Friday, February 17, 2006
Deuteronomy Chapter Two: To Take and Give
We start to see some spiritual maturation in Israel in Deuteronomy Chapter two. Wherein the previous chapter we saw the sin of Israel exposed for what was when Moses tells us, "The Amorites who lived in that hill country then came out against you and chased you as bees do. They beat you down in Seir as far as Hormah. When you returned and wept before the Lord, the Lord would neither heed your voice nor pay you any attention" (1:45), this is where are left, a stark picture but an honest one if sin is the portrait.
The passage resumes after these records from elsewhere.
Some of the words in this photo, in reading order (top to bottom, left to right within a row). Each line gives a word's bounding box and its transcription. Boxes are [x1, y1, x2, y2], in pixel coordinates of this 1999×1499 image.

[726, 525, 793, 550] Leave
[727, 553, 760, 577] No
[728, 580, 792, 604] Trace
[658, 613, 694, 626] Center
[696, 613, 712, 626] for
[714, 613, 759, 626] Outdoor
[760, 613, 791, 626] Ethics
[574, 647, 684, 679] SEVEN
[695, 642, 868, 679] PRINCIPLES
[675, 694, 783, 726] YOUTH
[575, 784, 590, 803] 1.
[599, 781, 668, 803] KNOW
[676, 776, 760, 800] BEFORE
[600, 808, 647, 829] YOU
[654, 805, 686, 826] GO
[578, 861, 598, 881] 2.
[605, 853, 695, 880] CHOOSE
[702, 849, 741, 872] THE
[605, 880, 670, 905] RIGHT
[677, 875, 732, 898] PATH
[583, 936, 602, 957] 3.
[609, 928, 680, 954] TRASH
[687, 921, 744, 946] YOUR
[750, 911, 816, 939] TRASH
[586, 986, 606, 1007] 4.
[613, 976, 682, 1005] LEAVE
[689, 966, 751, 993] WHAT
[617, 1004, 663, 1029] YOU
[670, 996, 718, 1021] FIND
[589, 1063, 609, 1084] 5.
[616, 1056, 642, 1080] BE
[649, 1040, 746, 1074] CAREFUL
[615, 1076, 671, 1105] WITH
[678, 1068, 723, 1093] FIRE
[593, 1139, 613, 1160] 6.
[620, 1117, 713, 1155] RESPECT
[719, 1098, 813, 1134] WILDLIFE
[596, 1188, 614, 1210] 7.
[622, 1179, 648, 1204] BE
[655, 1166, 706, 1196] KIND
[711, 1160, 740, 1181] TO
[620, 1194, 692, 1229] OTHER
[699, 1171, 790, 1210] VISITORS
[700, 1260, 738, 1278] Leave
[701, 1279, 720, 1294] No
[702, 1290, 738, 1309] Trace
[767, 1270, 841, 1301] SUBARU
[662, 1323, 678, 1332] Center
Chapter two begins with God ending a period of literal repentance, "we journeyed back in the direction of the Red Sea, as the Lord had told me and skirted Mount Seir for many days. Then the Lord said to me: "You have been skirting this hill country long enough. Head north, and charge the people as follows [...]" (2:1). God then directs Moses to turn back towards the promised land. We might empathize at this point, for how often are we turned away from a promise in repentance, only for God to turn us back--when He see's fit.
Moses is then directed to head north through the territory of Esau where they are not to engage in battle for God "will not give you even so much as a foot's length of their land, since I have given Mount Seir to Esau as a possession" (2:5). Then Moses is called to lead Israel through the land of the Moabites. Again, God warns Israel through Moses not to attack the Moabites, "for [he] will not give any of its land as a possession, since I have given Ar as a possession of the descendants of Lot" (2:9). Simply put, Israel's spiritual maturity is seen in them listening to their Lord. Where the previous chapter we saw the sin of Israel, and it's fatal end, here we see obedience and its blessing, "I have handed over to you King Sihon the Amorite of Heshbon, and his land" (2:24).
In this chapter we also might take note of the difference between "given" and "taken". Here, God gives a land to Israel, but he is also specific about which land. He does not give Israel the land of the Moabites, nor does he give them the land he promised to the descendants of Lot. The point is, that land is not for them, God has already given it to a different people. If, like the previous chapter, Israel decided to take a land that was not theirs (e.g. the Moabites land) the end would be, again, fatal. To take what is not first given is sin, and self-focused, but to receive of what God has given to you can be, in a sense, can be humbling because to receive is to simultaneously say, "I did not provide for this by myself" and "I am in need of this". The gladness of the receiver's heart acknowledges the grace of the giver.
Also, there is a natural ease that comes with receiving, and a natural dis-ease that comes with taking. The ease in receiving exists because God, who is eternal, creates a conclusion to an event before it has been actualized, this is clear when God says to the Israelites, "The Lord your God, who goes before you, is the one who will fight for you, just as he did for you in Egypt before your very eyes, and in the wilderness, where you saw how the Lord your God carried you, just as one carries a child [...]" (Deut. 1:30-31). However, the one who takes and does not receive wages war against an already resolved conclusion, thus the fatal end we witnessed at the end of Deuteronomy chapter one. The second problem that the "taker" creates is a frustration with God's desires, or to put it simply: they mess with the people humbly waiting on God. This is part of the fallen world, where "toil" happens because people in high and low positions are struggling against a God's desires.
Along with the Israelites we too are called to "receive of" not "take from". Salvation, at the core of Christian belief, depends alone on God. He not only gave himself as a ransom for many by dying on the cross, but he also reveals himself to us; are part in the relationship is to receive.
We must daily ask ourselves, what in us is making war against God's heart and his purposes. When we feel we have an answer, repentance is the solution. The first question, however, should be: "What is God's heart, for me and my community and all the nations."